Chatterbox passes on the following dispatch from Robert Noah, aka Pappy Chatterbox, author of The Man Who Stole the Mona Lisa  (“If you read one book this year, make it this one! If you read two books this year, read this one and then read something else!”–Chatterbox):

In “Weyrich Goes Off the Grid,” Chatterbox noted Paul Weyrich’s recent suggestion that conservatives safeguard themselves against the infectious dangers of a hostile majority culture, even if it meant isolating themselves from it in some sterile corner. Said Weyrich: This Cultural Marxism has “so gripped the body politic … that it is even affecting the Church. … I would point out to you that the word ‘holy’ means ‘set apart,’ and that it is not against our tradition to be, in fact, ‘set apart’.”

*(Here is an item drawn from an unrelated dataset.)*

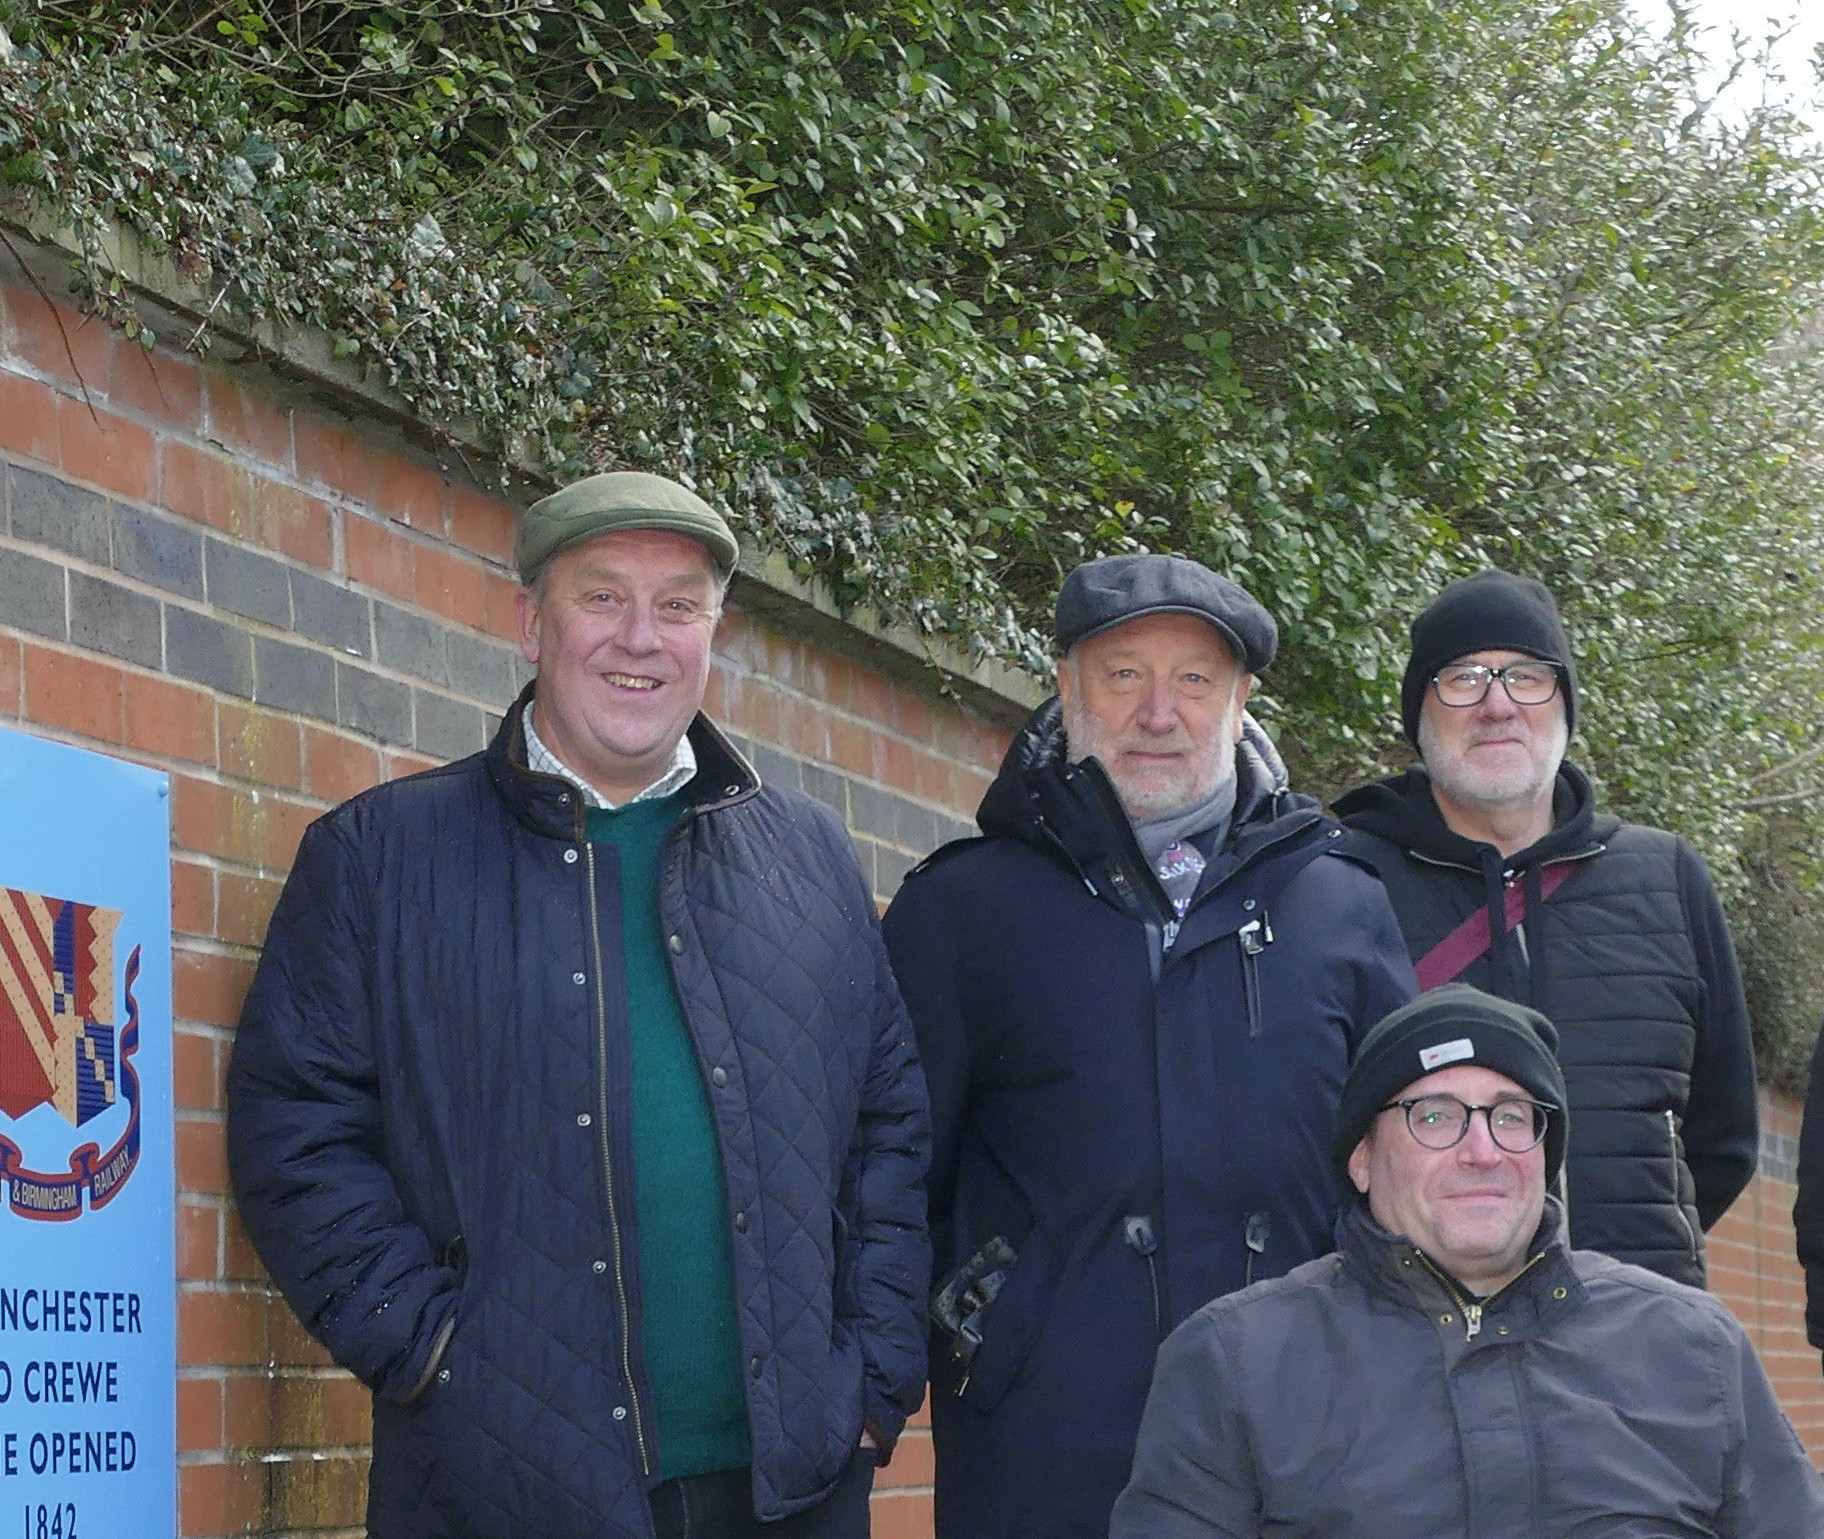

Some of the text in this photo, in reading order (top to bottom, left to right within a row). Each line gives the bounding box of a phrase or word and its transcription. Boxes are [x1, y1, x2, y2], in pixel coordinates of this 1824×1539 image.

[12, 1179, 20, 1202] &
[22, 1182, 76, 1210] BIRMINGHAM
[24, 1361, 118, 1403] CREWE
[30, 1432, 136, 1474] OPENED

But after searching several dictionaries I am happy to report that holy does not have that meaning, under which I suppose prison inmates could be referred to as holy, since, if nothing else, they are set apart. The Random House Unabridged recites the several definitions all of us know, and traces the word back through the Middle English holi to the Old English, halig or hal, meaning “whole,” which I suppose survives today in “holistic.”

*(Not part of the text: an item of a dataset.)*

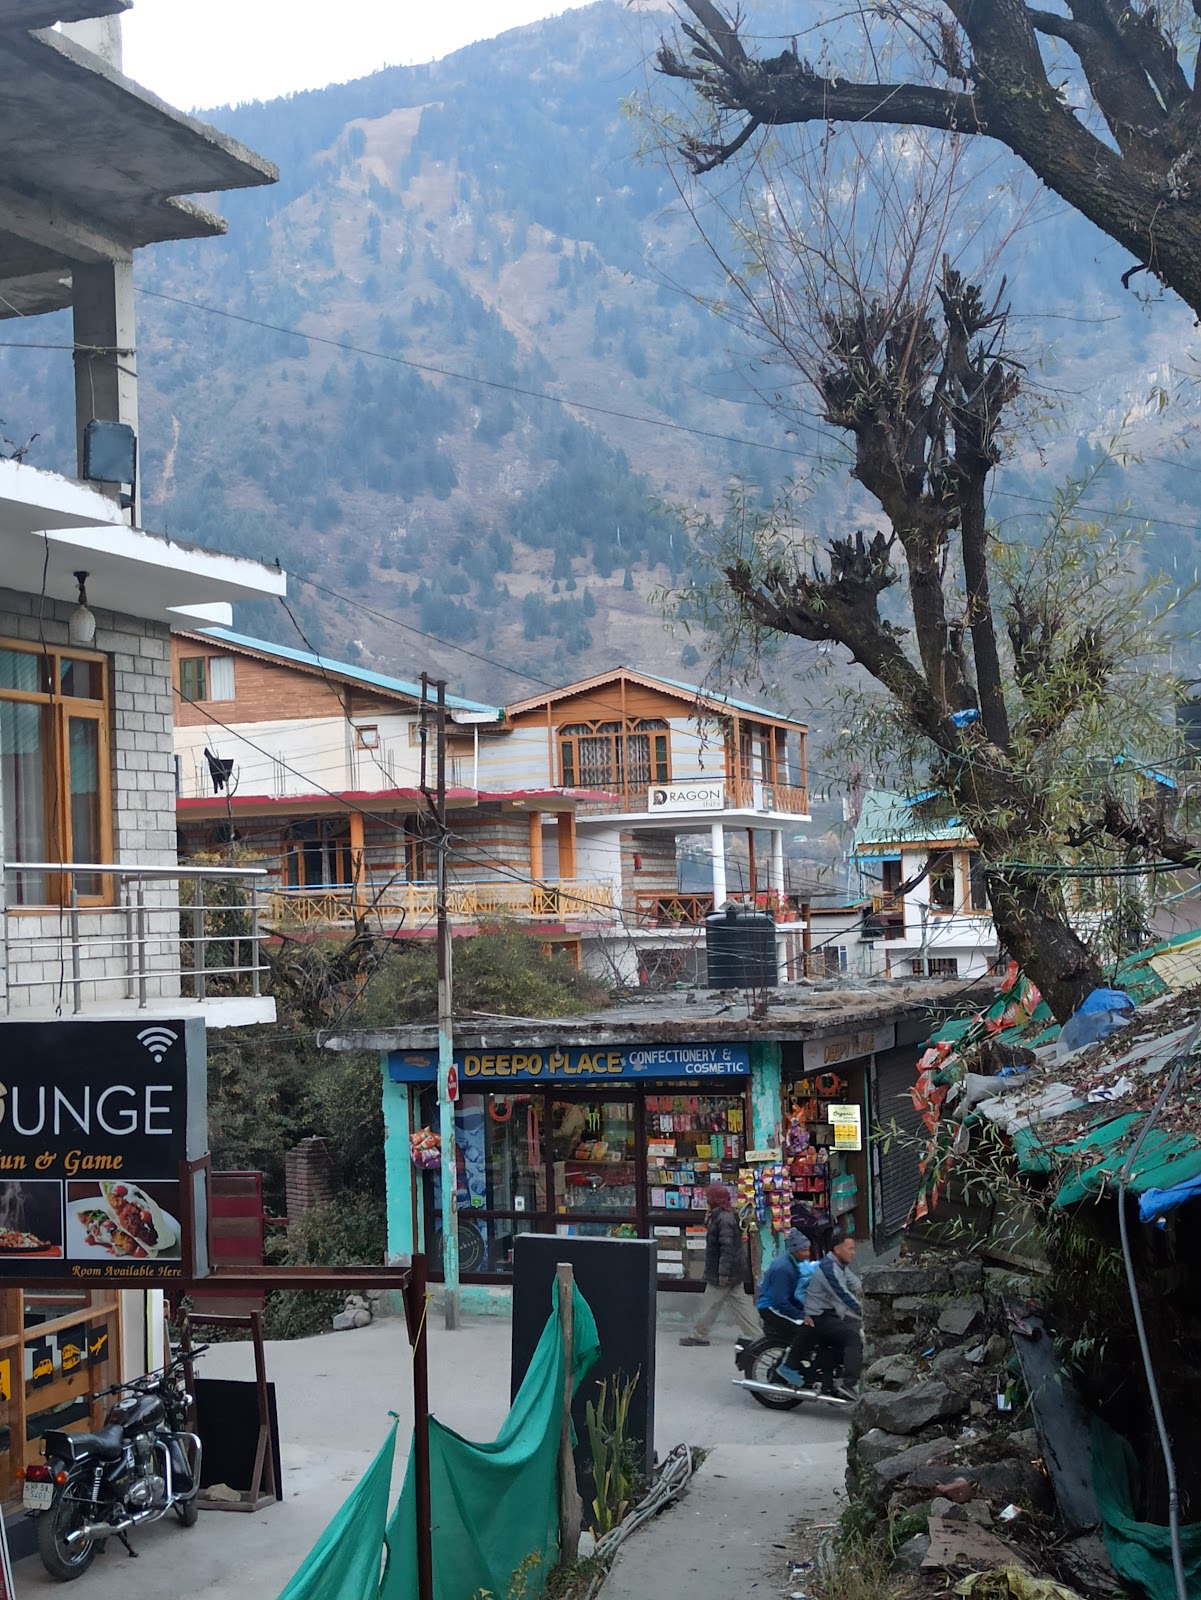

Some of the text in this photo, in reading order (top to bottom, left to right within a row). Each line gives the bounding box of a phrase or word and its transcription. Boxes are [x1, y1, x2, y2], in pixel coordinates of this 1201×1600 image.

Weyrich’s confusion may result (although it’s hard to see how it could) from the definitions in both American Heritage, which says: “Specified or set apart for a religious purpose: a holy place (italics theirs),” and in the Shorter OED which says: “Of a thing, place, etc., kept or regarded as sacred; set apart for religious use or observance; consecrated.” It would seem easy enough to make the distinction between “set apart,” and “set apart for religious use.” Everyone else seems able to, and without a bit of trouble.